> **EXERCISE**: Restate the entries word for word and skip every image.

> **Stored data entries**:
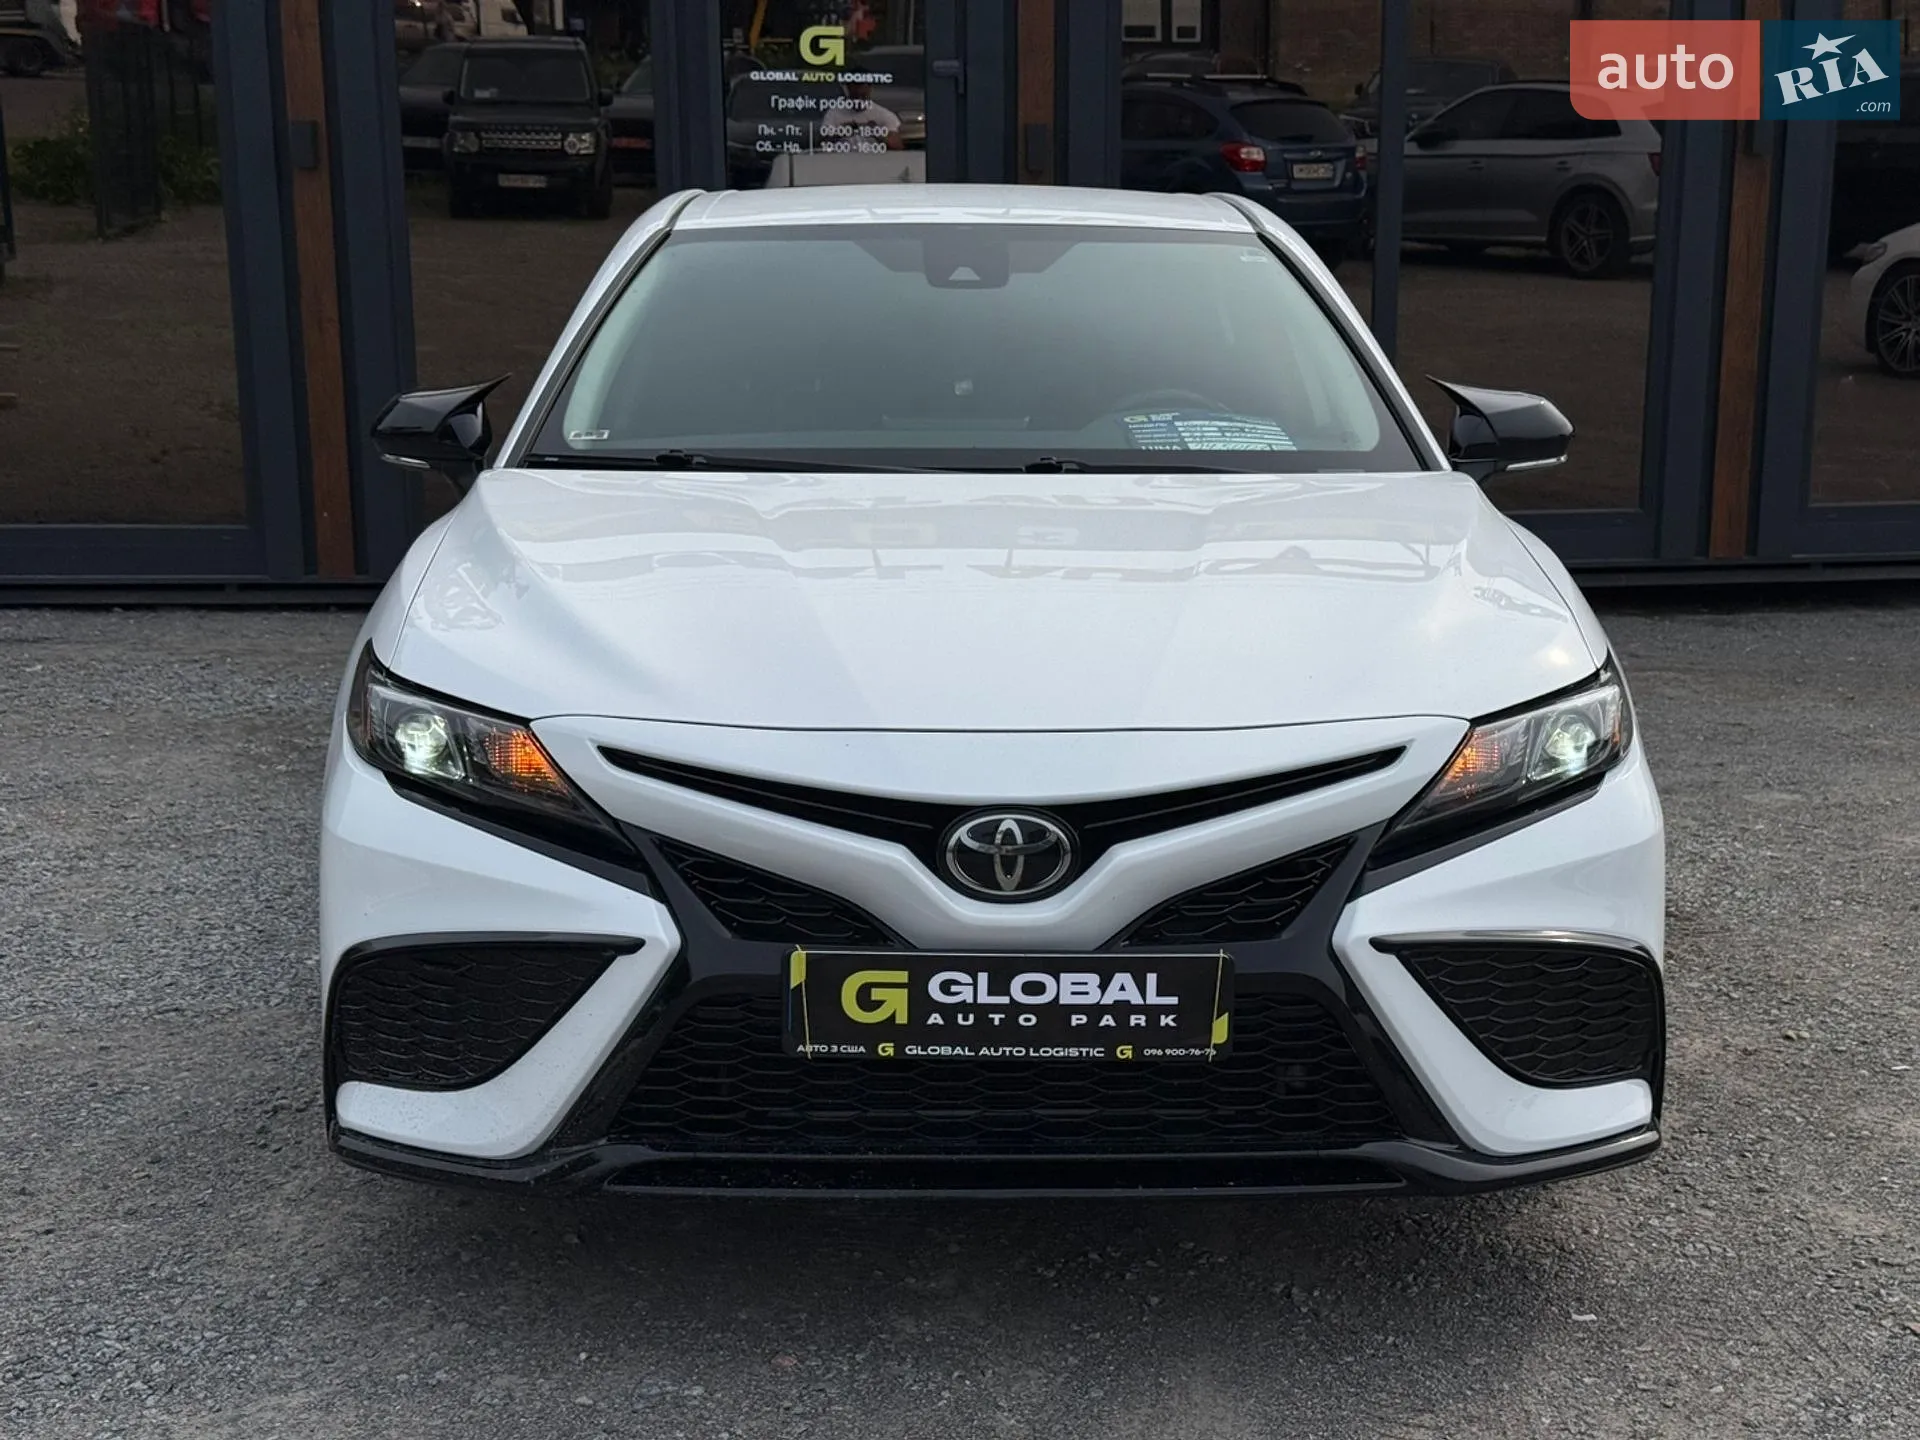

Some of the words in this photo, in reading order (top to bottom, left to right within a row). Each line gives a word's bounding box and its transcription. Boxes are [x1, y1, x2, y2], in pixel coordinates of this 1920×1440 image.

[750, 71, 799, 82] GLOBAL
[801, 72, 835, 82] AUTO
[837, 72, 893, 83] LOGISTIC
[771, 95, 816, 111] Графік
[927, 970, 1179, 1005] GLOBAL
[926, 1013, 1038, 1027] AUTO
[1070, 1013, 1178, 1028] PARK
[905, 1045, 975, 1056] GLOBAL
[978, 1046, 1026, 1056] AUTO
[1029, 1046, 1105, 1057] LOGISTIC
[1143, 1047, 1163, 1056] 096
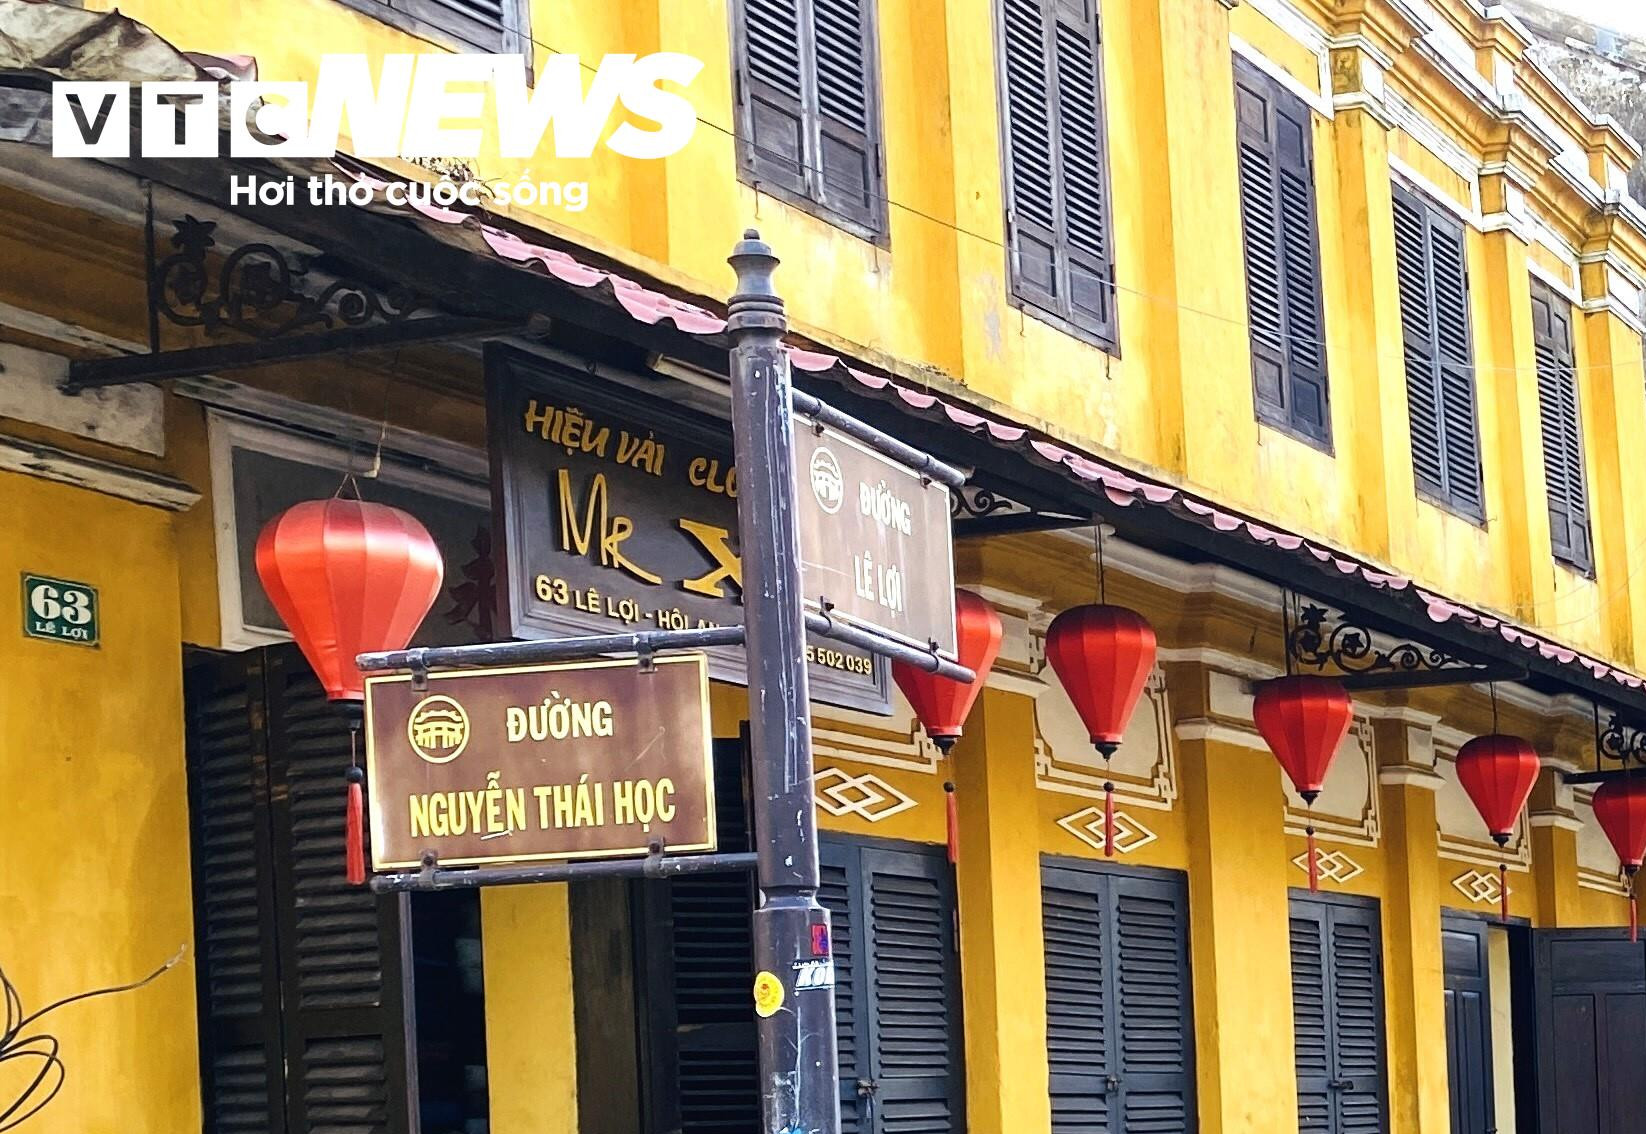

> **ANSWER TO THE PROBLEM**:
Some of the words in this photo, in reading order (top to bottom, left to right within a row). Each line gives a word's bounding box and its transcription. Boxes are [x1, y1, x2, y2], in pixel coordinates of this 1920×1440 image.

[750, 71, 799, 82] GLOBAL
[801, 72, 835, 82] AUTO
[837, 72, 893, 83] LOGISTIC
[771, 95, 816, 111] Графік
[927, 970, 1179, 1005] GLOBAL
[926, 1013, 1038, 1027] AUTO
[1070, 1013, 1178, 1028] PARK
[905, 1045, 975, 1056] GLOBAL
[978, 1046, 1026, 1056] AUTO
[1029, 1046, 1105, 1057] LOGISTIC
[1143, 1047, 1163, 1056] 096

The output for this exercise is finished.